Free-text object descriptions:
- - - - - - -

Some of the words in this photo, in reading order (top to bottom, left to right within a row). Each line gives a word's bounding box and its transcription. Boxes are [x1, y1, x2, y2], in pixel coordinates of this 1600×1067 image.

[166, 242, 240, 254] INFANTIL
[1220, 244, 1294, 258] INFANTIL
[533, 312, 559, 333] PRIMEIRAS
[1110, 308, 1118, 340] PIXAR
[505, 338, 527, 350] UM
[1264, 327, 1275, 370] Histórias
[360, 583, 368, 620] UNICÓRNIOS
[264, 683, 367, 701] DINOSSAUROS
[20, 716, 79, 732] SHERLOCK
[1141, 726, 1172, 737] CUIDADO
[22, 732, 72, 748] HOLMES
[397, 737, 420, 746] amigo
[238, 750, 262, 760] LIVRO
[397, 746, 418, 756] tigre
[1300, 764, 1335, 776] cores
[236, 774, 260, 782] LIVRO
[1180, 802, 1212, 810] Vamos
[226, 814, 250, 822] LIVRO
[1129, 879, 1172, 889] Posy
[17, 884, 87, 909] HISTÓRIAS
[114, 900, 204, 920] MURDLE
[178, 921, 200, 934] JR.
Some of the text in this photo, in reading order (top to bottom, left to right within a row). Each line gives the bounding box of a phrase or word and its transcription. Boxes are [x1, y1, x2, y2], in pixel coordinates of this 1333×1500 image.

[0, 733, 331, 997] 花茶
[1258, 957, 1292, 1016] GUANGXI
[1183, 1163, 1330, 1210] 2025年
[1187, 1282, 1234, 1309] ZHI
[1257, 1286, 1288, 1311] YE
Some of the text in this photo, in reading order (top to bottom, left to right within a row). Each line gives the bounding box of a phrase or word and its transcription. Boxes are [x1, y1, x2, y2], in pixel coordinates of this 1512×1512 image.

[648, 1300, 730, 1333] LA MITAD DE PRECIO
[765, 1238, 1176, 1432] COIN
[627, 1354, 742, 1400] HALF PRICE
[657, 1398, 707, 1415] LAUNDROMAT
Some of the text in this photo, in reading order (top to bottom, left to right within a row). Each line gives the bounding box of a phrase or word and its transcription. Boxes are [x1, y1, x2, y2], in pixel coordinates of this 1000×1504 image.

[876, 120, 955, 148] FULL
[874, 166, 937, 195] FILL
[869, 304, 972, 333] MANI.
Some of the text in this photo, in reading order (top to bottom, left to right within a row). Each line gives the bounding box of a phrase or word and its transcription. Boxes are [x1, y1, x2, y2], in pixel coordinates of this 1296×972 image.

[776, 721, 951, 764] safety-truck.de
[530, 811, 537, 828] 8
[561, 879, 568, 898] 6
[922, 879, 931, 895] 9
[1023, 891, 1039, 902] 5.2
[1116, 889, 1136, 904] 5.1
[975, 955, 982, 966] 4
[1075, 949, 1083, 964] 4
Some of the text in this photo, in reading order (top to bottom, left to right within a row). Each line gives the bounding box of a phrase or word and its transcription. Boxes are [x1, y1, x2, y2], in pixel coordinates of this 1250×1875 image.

- - - - - - -

> _TASK OBJECTIVE_: The data must be printed verbatim, line by line.

> _TASK OUTPUT_:
Some of the words in this photo, in reading order (top to bottom, left to right within a row). Each line gives a word's bounding box and its transcription. Boxes are [x1, y1, x2, y2], in pixel coordinates of this 1600×1067 image.

[166, 242, 240, 254] INFANTIL
[1220, 244, 1294, 258] INFANTIL
[533, 312, 559, 333] PRIMEIRAS
[1110, 308, 1118, 340] PIXAR
[505, 338, 527, 350] UM
[1264, 327, 1275, 370] Histórias
[360, 583, 368, 620] UNICÓRNIOS
[264, 683, 367, 701] DINOSSAUROS
[20, 716, 79, 732] SHERLOCK
[1141, 726, 1172, 737] CUIDADO
[22, 732, 72, 748] HOLMES
[397, 737, 420, 746] amigo
[238, 750, 262, 760] LIVRO
[397, 746, 418, 756] tigre
[1300, 764, 1335, 776] cores
[236, 774, 260, 782] LIVRO
[1180, 802, 1212, 810] Vamos
[226, 814, 250, 822] LIVRO
[1129, 879, 1172, 889] Posy
[17, 884, 87, 909] HISTÓRIAS
[114, 900, 204, 920] MURDLE
[178, 921, 200, 934] JR.
Some of the text in this photo, in reading order (top to bottom, left to right within a row). Each line gives the bounding box of a phrase or word and its transcription. Boxes are [x1, y1, x2, y2], in pixel coordinates of this 1333×1500 image.

[0, 733, 331, 997] 花茶
[1258, 957, 1292, 1016] GUANGXI
[1183, 1163, 1330, 1210] 2025年
[1187, 1282, 1234, 1309] ZHI
[1257, 1286, 1288, 1311] YE
Some of the text in this photo, in reading order (top to bottom, left to right within a row). Each line gives the bounding box of a phrase or word and its transcription. Boxes are [x1, y1, x2, y2], in pixel coordinates of this 1512×1512 image.

[648, 1300, 730, 1333] LA MITAD DE PRECIO
[765, 1238, 1176, 1432] COIN
[627, 1354, 742, 1400] HALF PRICE
[657, 1398, 707, 1415] LAUNDROMAT
Some of the text in this photo, in reading order (top to bottom, left to right within a row). Each line gives the bounding box of a phrase or word and its transcription. Boxes are [x1, y1, x2, y2], in pixel coordinates of this 1000×1504 image.

[876, 120, 955, 148] FULL
[874, 166, 937, 195] FILL
[869, 304, 972, 333] MANI.
Some of the text in this photo, in reading order (top to bottom, left to right within a row). Each line gives the bounding box of a phrase or word and its transcription. Boxes are [x1, y1, x2, y2], in pixel coordinates of this 1296×972 image.

[776, 721, 951, 764] safety-truck.de
[530, 811, 537, 828] 8
[561, 879, 568, 898] 6
[922, 879, 931, 895] 9
[1023, 891, 1039, 902] 5.2
[1116, 889, 1136, 904] 5.1
[975, 955, 982, 966] 4
[1075, 949, 1083, 964] 4
Some of the text in this photo, in reading order (top to bottom, left to right within a row). Each line gives the bounding box of a phrase or word and its transcription. Boxes are [x1, y1, x2, y2], in pixel coordinates of this 1250×1875 image.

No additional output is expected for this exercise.